Seen beneath the performance. Beneath the overexplaining. Beneath the “I’m fine.” Beneath the patterns they keep repeating but cannot always name.
She wants people to experience truth and safety at the same time. The kind of clarity that may call them out, but also calls them forward. Her goal is for people to walk away more grounded, more confident, and more in control of themselves, not because their circumstances changed, but because they did.
That right there is the work.
Because sometimes the breakthrough is not that the room changes.
Sometimes the breakthrough is that you stop shrinking in it.
Sometimes it is not that the pressure disappears.

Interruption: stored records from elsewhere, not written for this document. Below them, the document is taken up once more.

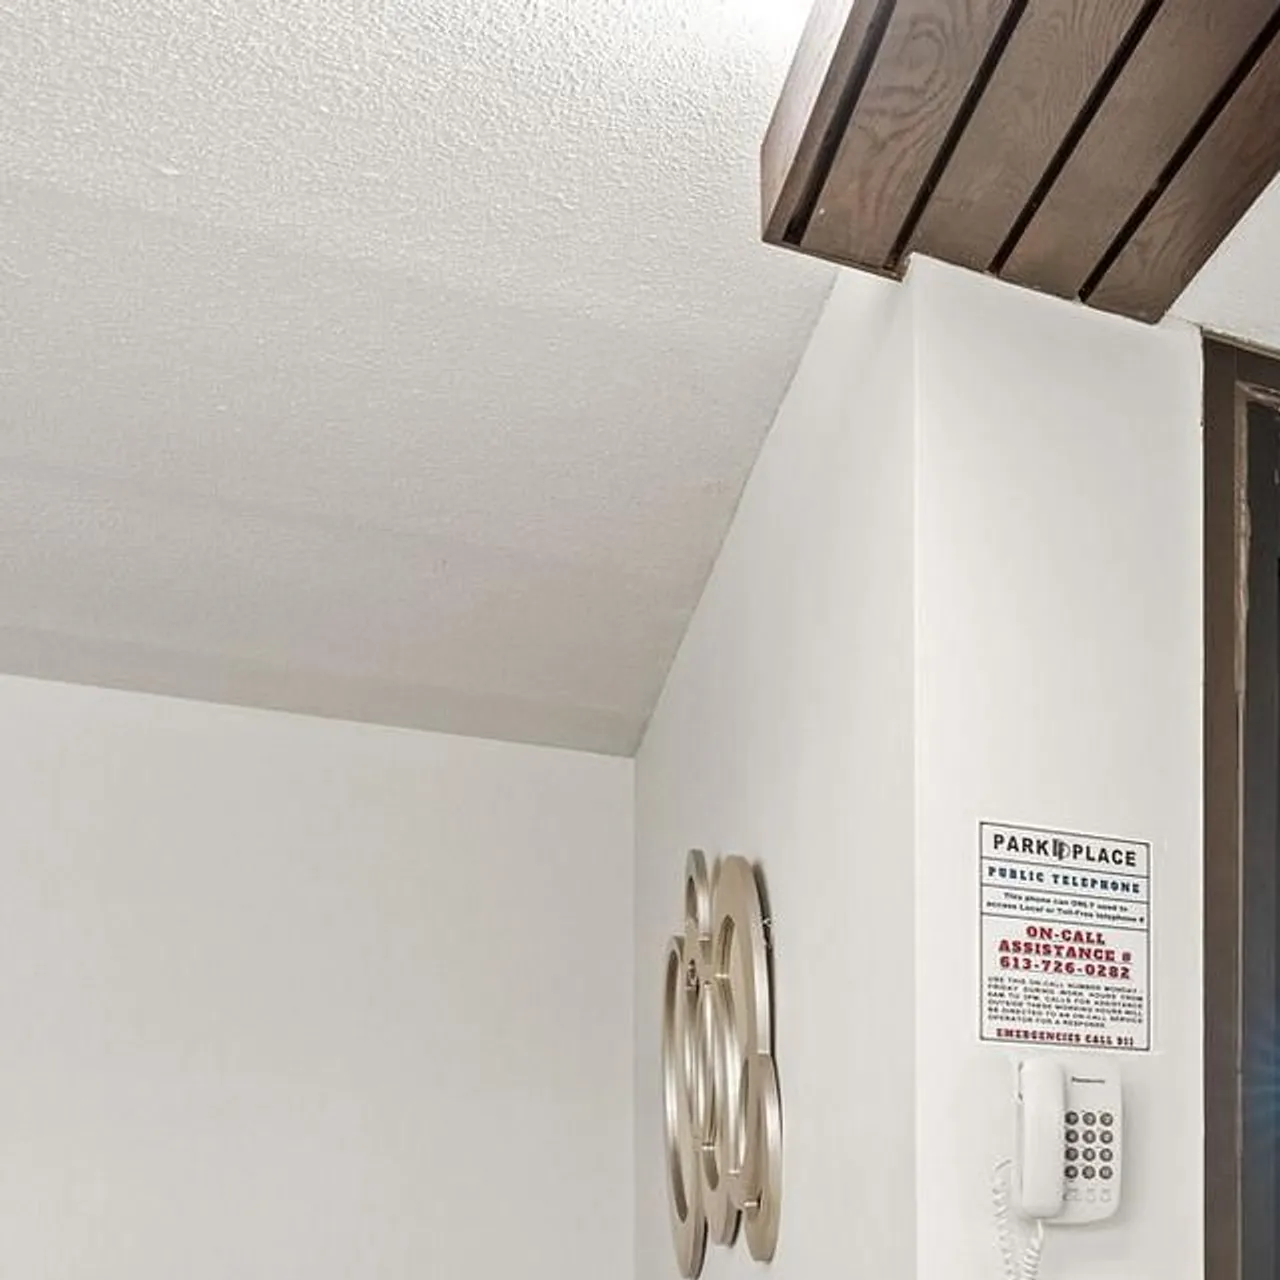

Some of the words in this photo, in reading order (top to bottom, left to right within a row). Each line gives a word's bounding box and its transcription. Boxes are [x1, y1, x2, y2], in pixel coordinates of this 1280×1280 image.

[993, 833, 1049, 857] PARK
[1072, 844, 1137, 867] PLACE
[988, 866, 1045, 882] PUBLIC
[1052, 874, 1140, 894] TELEPHONE
[1024, 894, 1051, 904] phone
[1053, 898, 1069, 906] can
[1070, 900, 1095, 909] ONLY
[1026, 925, 1106, 945] ON-CALL
[999, 939, 1116, 962] ASSISTANCE
[999, 956, 1131, 979] 613-726-0282
[996, 1028, 1081, 1043] EMERGENCIES
[1085, 1035, 1113, 1045] CALL
[1117, 1037, 1134, 1046] 911
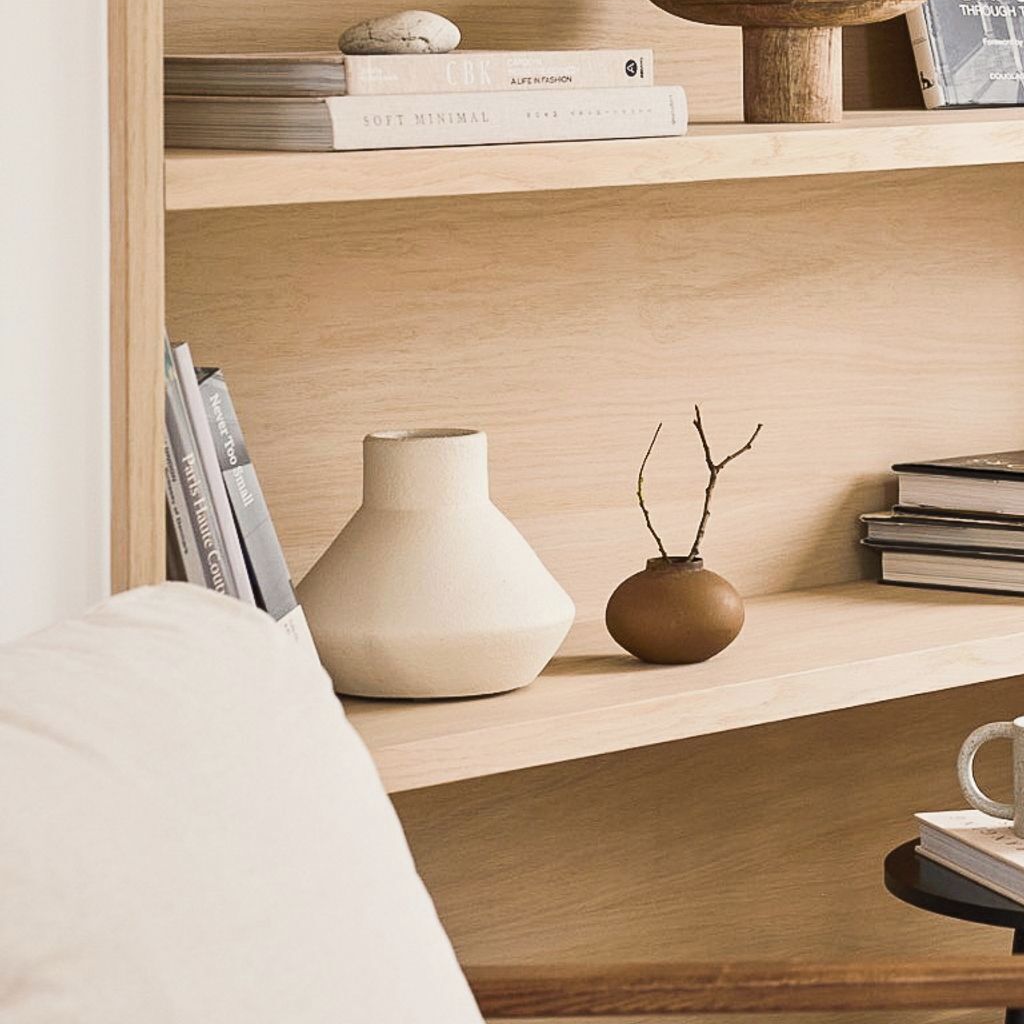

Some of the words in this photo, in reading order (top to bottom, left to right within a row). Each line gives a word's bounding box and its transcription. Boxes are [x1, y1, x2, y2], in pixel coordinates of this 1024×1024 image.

[959, 4, 1017, 17] THROUGH
[541, 75, 573, 84] FASHION
[363, 113, 405, 127] SOFT
[414, 110, 491, 126] MINIMAL
[209, 392, 229, 435] Never
[224, 435, 238, 465] Too
[232, 465, 254, 508] Small
[182, 452, 201, 497] Paris
[193, 496, 214, 549] Haute

Sometimes it is that your body finally learns it does not have to panic every time pressure shows up.
And sometimes confidence is not loud at all, it is simply the moment you stop asking for permission to trust yourself.
Emotional Regulation Is Leadership Development
One of the things I love most about Choniece’s work is that she is connecting emotional wellness to leadership in a way that feels deeply necessary.
Because let’s be real, we cannot keep pretending leadership is just strategy, productivity, and cute LinkedIn posts.
Leadership is nervous system work.
Leadership is learning how to respond instead of react.
Leadership is noticing when you are making decisions from fear, control, scarcity, avoidance, or people-pleasing.
Leadership is knowing how to ground yourself before you walk into the room, send the email, have the hard conversation, or make the next big move.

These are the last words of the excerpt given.